Diabetic nephropathy, classically defined by the presence of proteinuria (macroalbuminuria, or "severely increased albuminuria" in the new nomenclature [1]), is a common problem that is most likely to occur in patients who have worse glycemic control, hypertension, glomerular hyperfiltration or a genetic predisposition. The lifetime risk of nephropathy is roughly equivalent in type 1 and type 2 diabetes [2]. (See "Overview of diabetic nephropathy".)

The earliest clinical manifestation of renal involvement in diabetes is an increase in albumin excretion (microalbuminuria, or "moderately increased albuminuria" in the new nomenclature [1]), a stage at which renal histology may be relatively normal or may reveal glomerulosclerosis [3-6]. However, regression of moderately increased albuminuria to normoalbuminuria occurs spontaneously in a substantial proportion of patients with type 1 and type 2 diabetes. (See "Moderately increased albuminuria (microalbuminuria) in type 1 diabetes mellitus" and "Moderately increased albuminuria (microalbuminuria) in type 2 diabetes mellitus".)

Proteinuria in diabetes mellitus is occasionally due to a glomerular disease other than diabetic nephropathy. The major clinical clues suggesting nondiabetic glomerular disease are onset of proteinuria less than five years from the documented onset of diabetes in type 1 diabetes, acute onset of renal disease, presence of an active urine sediment containing red cells (particularly acanthocytes) and cellular casts, and in type 1 diabetes, the absence of diabetic retinopathy or neuropathy. (See "Overview of diabetic nephropathy", section on 'Nondiabetic renal disease'.)

This review will address the treatment of diabetic nephropathy, particularly the importance of glycemic control and of rigorous antihypertensive therapy, with emphasis on the use of angiotensin-converting enzyme (ACE) inhibitors or angiotensin II receptor blockers (ARBs).

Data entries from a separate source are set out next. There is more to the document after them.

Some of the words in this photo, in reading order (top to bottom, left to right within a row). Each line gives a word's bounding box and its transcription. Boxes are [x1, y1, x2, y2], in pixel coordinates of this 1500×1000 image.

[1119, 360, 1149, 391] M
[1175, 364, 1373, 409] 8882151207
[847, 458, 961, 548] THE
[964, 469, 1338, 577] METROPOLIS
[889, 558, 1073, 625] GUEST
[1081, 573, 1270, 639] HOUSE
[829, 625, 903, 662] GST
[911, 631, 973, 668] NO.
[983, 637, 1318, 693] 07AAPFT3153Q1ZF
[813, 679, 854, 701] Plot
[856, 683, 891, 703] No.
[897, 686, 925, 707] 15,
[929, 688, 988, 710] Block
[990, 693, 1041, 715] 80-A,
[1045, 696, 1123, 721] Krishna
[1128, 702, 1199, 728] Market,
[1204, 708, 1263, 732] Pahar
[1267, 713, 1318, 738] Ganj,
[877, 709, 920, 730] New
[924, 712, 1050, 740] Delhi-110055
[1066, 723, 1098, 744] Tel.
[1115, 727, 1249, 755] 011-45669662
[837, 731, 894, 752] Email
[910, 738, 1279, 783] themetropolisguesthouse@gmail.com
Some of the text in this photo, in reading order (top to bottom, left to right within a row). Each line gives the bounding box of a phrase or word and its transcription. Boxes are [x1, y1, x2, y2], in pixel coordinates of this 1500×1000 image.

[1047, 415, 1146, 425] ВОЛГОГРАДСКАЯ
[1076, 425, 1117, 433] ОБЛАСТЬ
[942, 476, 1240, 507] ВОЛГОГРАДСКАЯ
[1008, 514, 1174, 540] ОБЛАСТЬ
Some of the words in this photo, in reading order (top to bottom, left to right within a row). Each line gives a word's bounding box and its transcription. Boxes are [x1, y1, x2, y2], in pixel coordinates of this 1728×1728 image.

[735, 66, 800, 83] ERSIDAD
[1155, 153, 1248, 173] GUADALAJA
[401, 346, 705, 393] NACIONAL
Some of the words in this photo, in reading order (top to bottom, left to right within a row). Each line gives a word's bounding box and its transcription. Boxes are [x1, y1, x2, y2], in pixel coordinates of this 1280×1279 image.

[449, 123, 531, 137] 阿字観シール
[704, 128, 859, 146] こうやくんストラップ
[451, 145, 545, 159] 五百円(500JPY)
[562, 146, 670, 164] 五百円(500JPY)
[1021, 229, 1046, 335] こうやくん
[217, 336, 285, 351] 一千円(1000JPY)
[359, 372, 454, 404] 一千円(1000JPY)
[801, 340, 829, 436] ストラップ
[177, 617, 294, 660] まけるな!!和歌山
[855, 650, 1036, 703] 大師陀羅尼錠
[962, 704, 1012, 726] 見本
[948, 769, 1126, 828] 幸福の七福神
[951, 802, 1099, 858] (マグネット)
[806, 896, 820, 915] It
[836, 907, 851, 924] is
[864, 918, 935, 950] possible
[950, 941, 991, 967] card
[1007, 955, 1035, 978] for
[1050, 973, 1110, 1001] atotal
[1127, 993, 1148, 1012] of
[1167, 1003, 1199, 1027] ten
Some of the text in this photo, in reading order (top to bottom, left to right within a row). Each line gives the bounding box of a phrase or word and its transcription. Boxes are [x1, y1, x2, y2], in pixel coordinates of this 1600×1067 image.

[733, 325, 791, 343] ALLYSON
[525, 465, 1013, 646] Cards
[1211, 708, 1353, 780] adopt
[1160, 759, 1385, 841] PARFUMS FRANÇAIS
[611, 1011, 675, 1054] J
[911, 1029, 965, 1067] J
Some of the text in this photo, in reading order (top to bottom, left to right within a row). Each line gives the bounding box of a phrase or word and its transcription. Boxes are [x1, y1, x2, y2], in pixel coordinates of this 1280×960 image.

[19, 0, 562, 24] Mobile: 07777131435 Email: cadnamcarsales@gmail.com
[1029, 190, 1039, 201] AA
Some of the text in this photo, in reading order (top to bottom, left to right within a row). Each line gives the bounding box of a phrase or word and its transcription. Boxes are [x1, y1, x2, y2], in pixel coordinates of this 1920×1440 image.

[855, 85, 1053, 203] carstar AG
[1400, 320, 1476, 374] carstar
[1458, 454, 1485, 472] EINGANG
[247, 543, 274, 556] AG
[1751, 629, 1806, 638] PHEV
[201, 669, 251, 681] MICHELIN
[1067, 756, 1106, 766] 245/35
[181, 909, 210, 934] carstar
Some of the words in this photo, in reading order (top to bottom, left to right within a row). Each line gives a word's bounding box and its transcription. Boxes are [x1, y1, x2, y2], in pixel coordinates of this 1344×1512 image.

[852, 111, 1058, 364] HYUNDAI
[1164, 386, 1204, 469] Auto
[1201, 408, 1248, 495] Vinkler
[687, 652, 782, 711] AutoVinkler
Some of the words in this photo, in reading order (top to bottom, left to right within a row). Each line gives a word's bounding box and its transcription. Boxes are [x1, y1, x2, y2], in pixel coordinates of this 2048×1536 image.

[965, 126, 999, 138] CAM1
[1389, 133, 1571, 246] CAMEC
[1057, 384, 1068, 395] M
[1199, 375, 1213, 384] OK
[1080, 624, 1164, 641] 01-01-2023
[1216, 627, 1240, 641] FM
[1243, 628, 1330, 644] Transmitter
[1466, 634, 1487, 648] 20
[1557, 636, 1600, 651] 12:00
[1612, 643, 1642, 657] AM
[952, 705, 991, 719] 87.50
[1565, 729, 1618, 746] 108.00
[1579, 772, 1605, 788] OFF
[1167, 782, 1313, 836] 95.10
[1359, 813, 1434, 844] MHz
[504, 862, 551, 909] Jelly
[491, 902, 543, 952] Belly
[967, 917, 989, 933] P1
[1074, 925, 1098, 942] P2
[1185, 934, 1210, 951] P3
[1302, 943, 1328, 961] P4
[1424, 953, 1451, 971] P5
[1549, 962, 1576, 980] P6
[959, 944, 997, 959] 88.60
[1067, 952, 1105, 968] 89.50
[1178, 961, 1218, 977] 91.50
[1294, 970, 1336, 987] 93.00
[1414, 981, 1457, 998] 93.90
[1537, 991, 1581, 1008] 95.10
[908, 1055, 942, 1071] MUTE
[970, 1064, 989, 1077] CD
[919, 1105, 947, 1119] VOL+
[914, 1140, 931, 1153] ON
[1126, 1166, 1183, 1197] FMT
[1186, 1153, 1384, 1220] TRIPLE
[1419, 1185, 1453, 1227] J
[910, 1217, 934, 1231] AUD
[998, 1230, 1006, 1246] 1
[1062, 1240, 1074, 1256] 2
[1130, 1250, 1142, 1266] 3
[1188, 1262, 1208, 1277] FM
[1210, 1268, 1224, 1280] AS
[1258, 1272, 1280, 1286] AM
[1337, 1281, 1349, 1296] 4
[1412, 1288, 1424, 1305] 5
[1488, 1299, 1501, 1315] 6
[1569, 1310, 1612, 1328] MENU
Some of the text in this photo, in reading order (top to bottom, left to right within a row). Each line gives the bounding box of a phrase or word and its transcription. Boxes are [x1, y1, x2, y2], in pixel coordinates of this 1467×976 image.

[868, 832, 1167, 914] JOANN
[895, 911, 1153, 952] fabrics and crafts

In addition to data from controlled trials, further proof of benefit from these therapies is the observation that the incidence of end-stage renal disease among patients with type 1 diabetes may be decreasing [7].

GLYCEMIC CONTROL

The efficacy of strict glycemic control depends in part upon the stage at which it is begun and the degree of normalization of glucose metabolism; the evidence is best established in type 1 diabetes. (See "Glycemic control and vascular complications in type 1 diabetes mellitus" and "Glycemic control and vascular complications in type 2 diabetes mellitus".)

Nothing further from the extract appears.